RDMC: Revised Diffusion Model of Conflict Tasks

Description

A DMC-like model which modifies the shape of the controlled and automatic processes to ensure consistent stimulus representation across the task. It maintains all SDDM parameters outside the drift rate which is \(v(x,t) = w_a(t)*d_a + w_c(t)*d_c\), where \(w_a(t) = A_0*exp(-k*t)\) and \(w_c(t) = 1 - w_a(t)\).

Usage

dRDMC(rt, resp, phi, x_res = "default", t_res = "default")
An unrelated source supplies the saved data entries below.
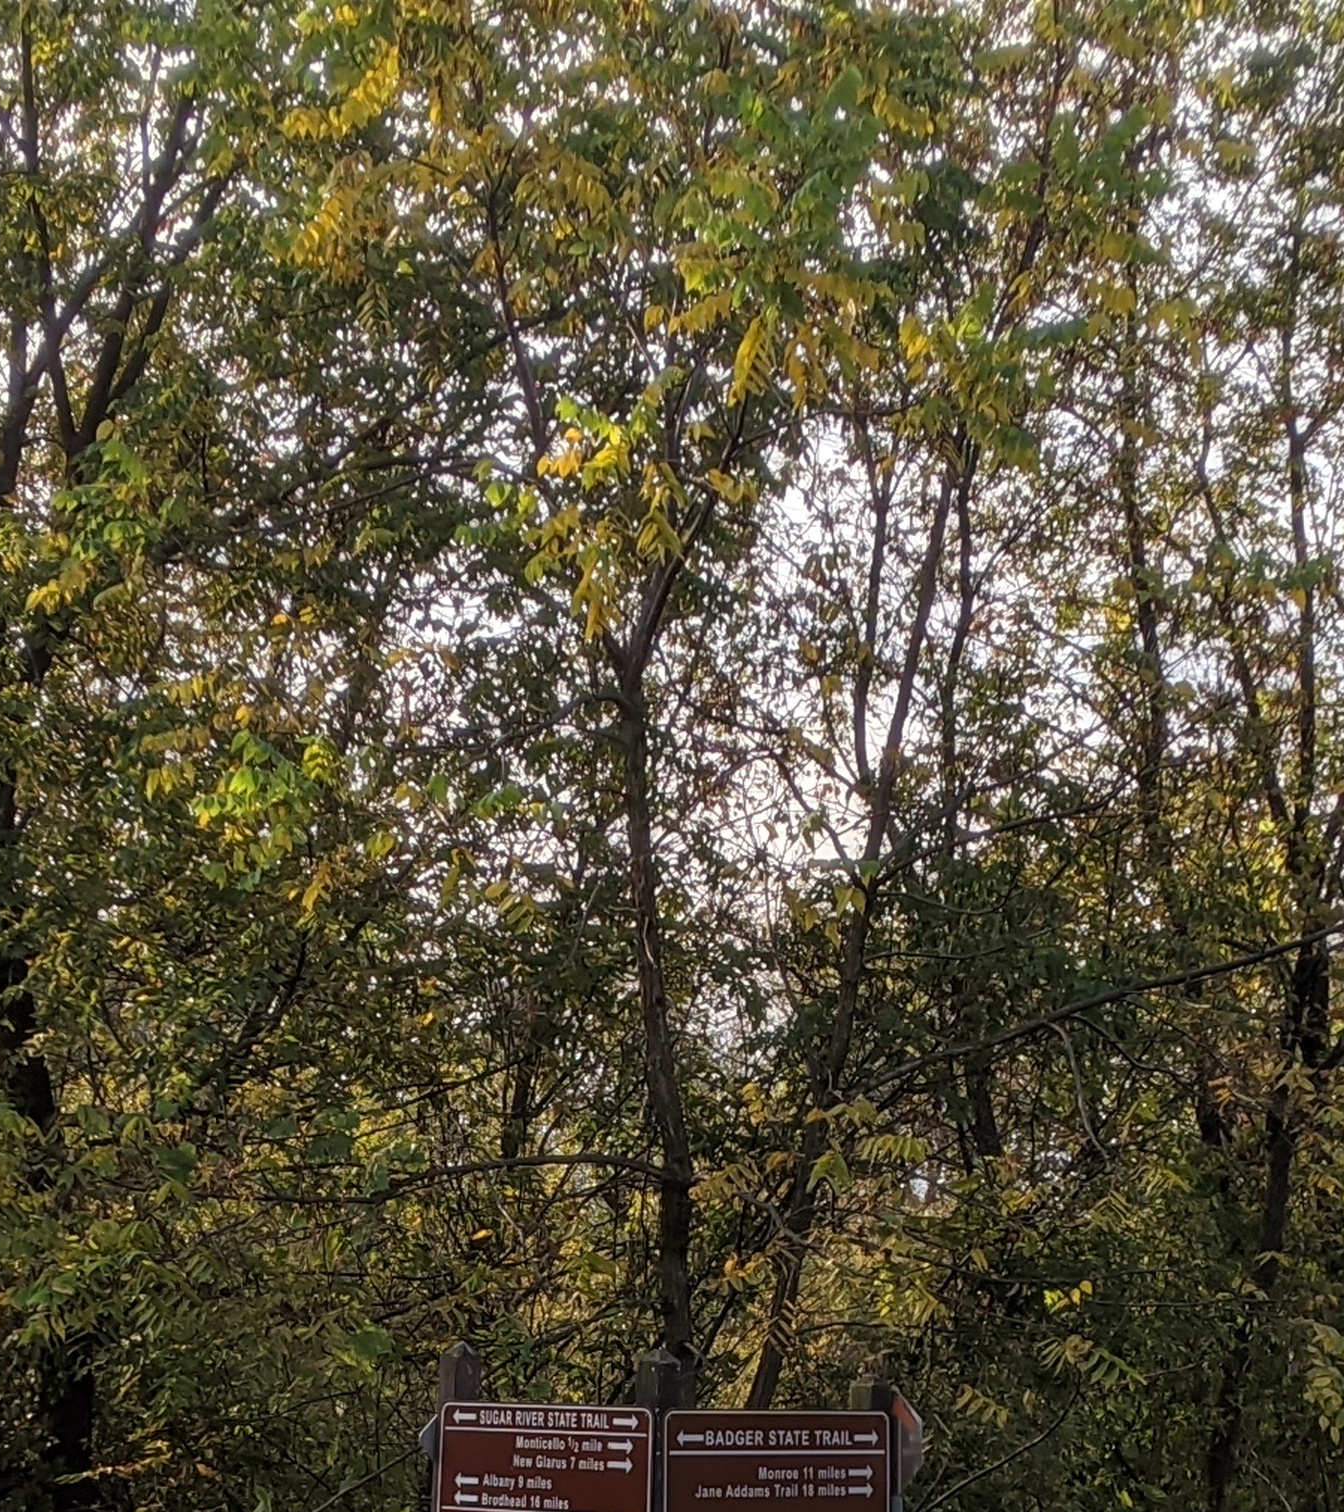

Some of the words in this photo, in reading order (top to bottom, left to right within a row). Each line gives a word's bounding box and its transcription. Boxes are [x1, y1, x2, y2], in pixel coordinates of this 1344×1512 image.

[480, 1410, 513, 1425] SUGAR
[515, 1411, 544, 1426] RIVER
[548, 1412, 577, 1428] STATE
[581, 1413, 609, 1429] TRAIL
[516, 1436, 565, 1451] Monticello
[582, 1439, 602, 1451] mile
[705, 1431, 764, 1446] BADGER
[769, 1431, 809, 1446] STATE
[814, 1431, 852, 1445] TRAIL
[513, 1455, 532, 1467] New
[535, 1455, 567, 1469] Glarus
[570, 1457, 575, 1469] 7
[579, 1458, 604, 1471] miles
[758, 1467, 799, 1480] Monroe
[803, 1467, 813, 1479] 11
[818, 1466, 846, 1479] miles
[483, 1474, 515, 1490] Albany
[518, 1476, 523, 1488] 9
[526, 1477, 552, 1489] miles
[695, 1485, 722, 1498] Jane
[726, 1485, 770, 1497] Addams
[774, 1485, 798, 1497] Trail
[802, 1485, 814, 1496] 18
[818, 1484, 846, 1496] miles
[482, 1493, 526, 1508] Brodhead
[530, 1496, 540, 1508] 16
[544, 1497, 569, 1510] miles
pRDMC(rt, resp, phi, x_res = "default", t_res = "default")

rRDMC(n, phi, dt = 1e-05)

Value

For the density a list of PDF values, log-PDF values, and the sum of the log-PDFs, for the distribution function a list of of CDF values, log-CDF values, and the sum of the log-CDFs, and for the random sampler a list of response times (rt) and response thresholds (resp).

Arguments

rt

vector of response times

resp

vector of responses ("upper" and "lower")

phi

parameter vector in the following order:

  1. Non-decision time (\(t_{nd}\)). Time for non-decision processes such as stimulus encoding and response execution. Total decision time t is the sum of the decision and non-decision times.

  2. Relative start (\(w\)). Sets the start point of accumulation as a ratio of the two decision thresholds. Related to the absolute start z point via equation \(z = b_l + w*(b_u - b_l)\).

  3. Automatic process amplitude (\(A_0\)). Max value of automatic process.

  4. Attention shift parameter (\(k\)). Encodes congruency and thus differs between congruent and incongruent trials.

  5. Base drift rate of the automatic channel (\(d_a\)).

  6. Base drift rate of the controlled channel (\(d_c\)).

  7. Noise scale (\(\sigma\)). Model noise scale parameter.

  8. Decision thresholds (\(b\)). Sets the location of each decision threshold. The upper threshold \(b_u\) is above 0 and the lower threshold \(b_l\) is below 0 such that \(b_u = -b_l = b\). The threshold separation \(a = 2b\).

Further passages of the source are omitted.